Autour du 5ème Postulat C8 – Carl Friedrich Gauss (1777-1855), le précurseur 4 - Lettre à Taurinus de 1824, annonçant une nouvelle géométrie qui sera développée par Lobatchevski en 1829 (en russe, publié en français en 1837) : « l'hypothèse que la somme des angles d'un triangle est inférieure à 180 degrés conduit à une géométrie curieuse, assez différente de la nôtre, mais cohérente que j'ai développée à mon entière satisfaction et dans laquelle je peux résoudre tout problème à l'exception de la détermination d'une constante qui ne peut être définie a priori. Plus cette constante est grande, plus on est proche de la géométrie euclidienne et les deux coïncident si elle est prise infinie ». 5 - Dans cette même lettre de 1824, Gauss ajoute : « Tous mes efforts pour découvrir une contradiction, une incohérence dans cette géométrie non euclidienne ont échoué, (...) Mais il me semble que nous ne connaissons que si peu, pour ne pas dire rien du tout, de la vraie nature de l'espace qu'il n'est pas possible de qualifier d'impossible ce qui nous apparaît comme non naturel ». 5 -Appréciation de Düring vers 1880 sur la géométrie non euclidienne : « Insanité démentielle, théorèmes et figures mystiques et délirants nés d'une pensée maladive ! Les parties dégénérées du cerveau de Gauss ».

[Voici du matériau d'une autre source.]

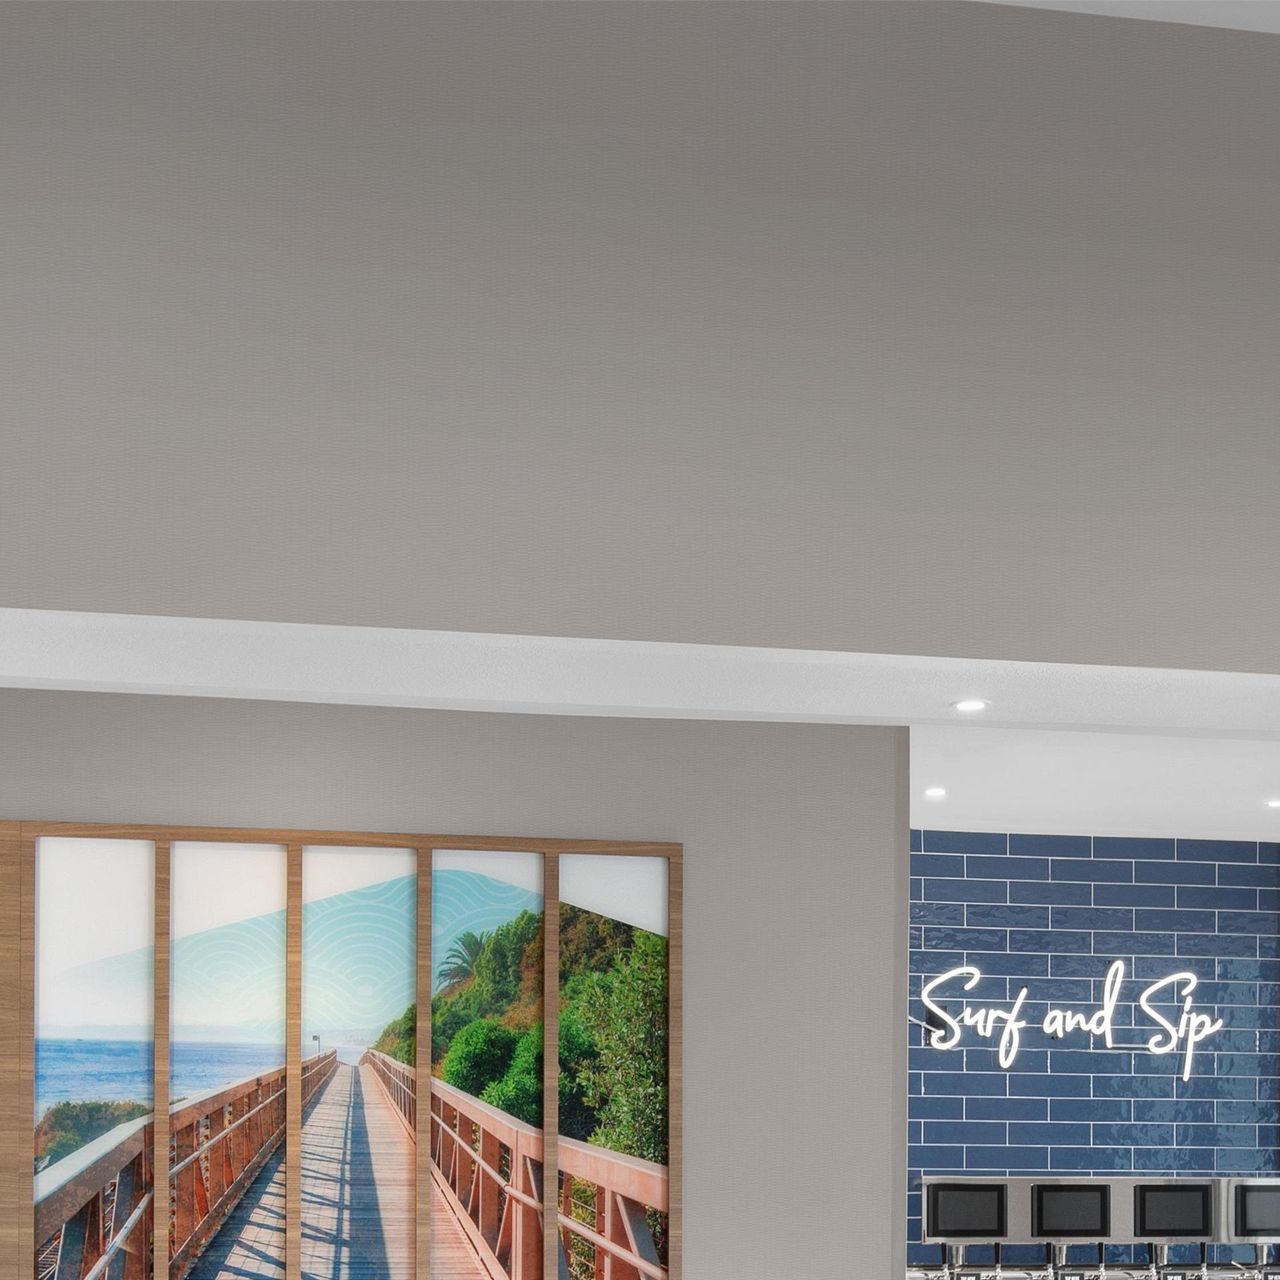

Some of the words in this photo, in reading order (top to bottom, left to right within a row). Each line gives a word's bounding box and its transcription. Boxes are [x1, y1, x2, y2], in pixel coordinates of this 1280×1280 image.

[920, 966, 1027, 1069] Surf
[1042, 960, 1125, 1049] and
[1139, 972, 1223, 1082] Sip

Autour du 5ème Postulat C9 – Un géomètre entêté : Legendre Ni les tentatives historiques de démonstration ni les travaux contemporains de Saccheri et Lambert n’ont empêché Adrien-Marie Legendre (1752-1833), de proposer d’autres “démonstrations” dans ses Éléments de Géométrie, faisant preuve d’une grande invention, mais aussi d’un grand entêtement : « La démonstration de la théorie des parallèles, telle qu’elle avait été présentée dans la 3e édition de cet ouvrage et dans les éditions suivantes jusqu’à la 8e inclusivement, n’étant pas à l’abri de toute objection, on s’était déterminé dans la 9e édition à rétablir cette théorie à-peu-près sur la même base qu’Euclide. Depuis, on a découvert deux nouvelles manières de démontrer le théorème sur les trois angles du triangle, sans le secours d’aucun postulatum… » (note de la 12ème édition) C10 – L’avis des physiciens Point de vue d’Einstein, (devant l’Académie des Sciences de Berlin en 1921): « La géométrie pratique est une science dérivée de l’expérience, nous la distinguons de la géométrie axiomatique. La question de savoir si la géométrie pratique du monde est euclidienne ou non, a un sens précis et la réponse ne peut être fournie que par l’expérience.  » Reichenbach (1927) : « Les mathématiques révèlent les espaces possibles ; la physique décide lequel parmi eux correspond à l’espace physique ».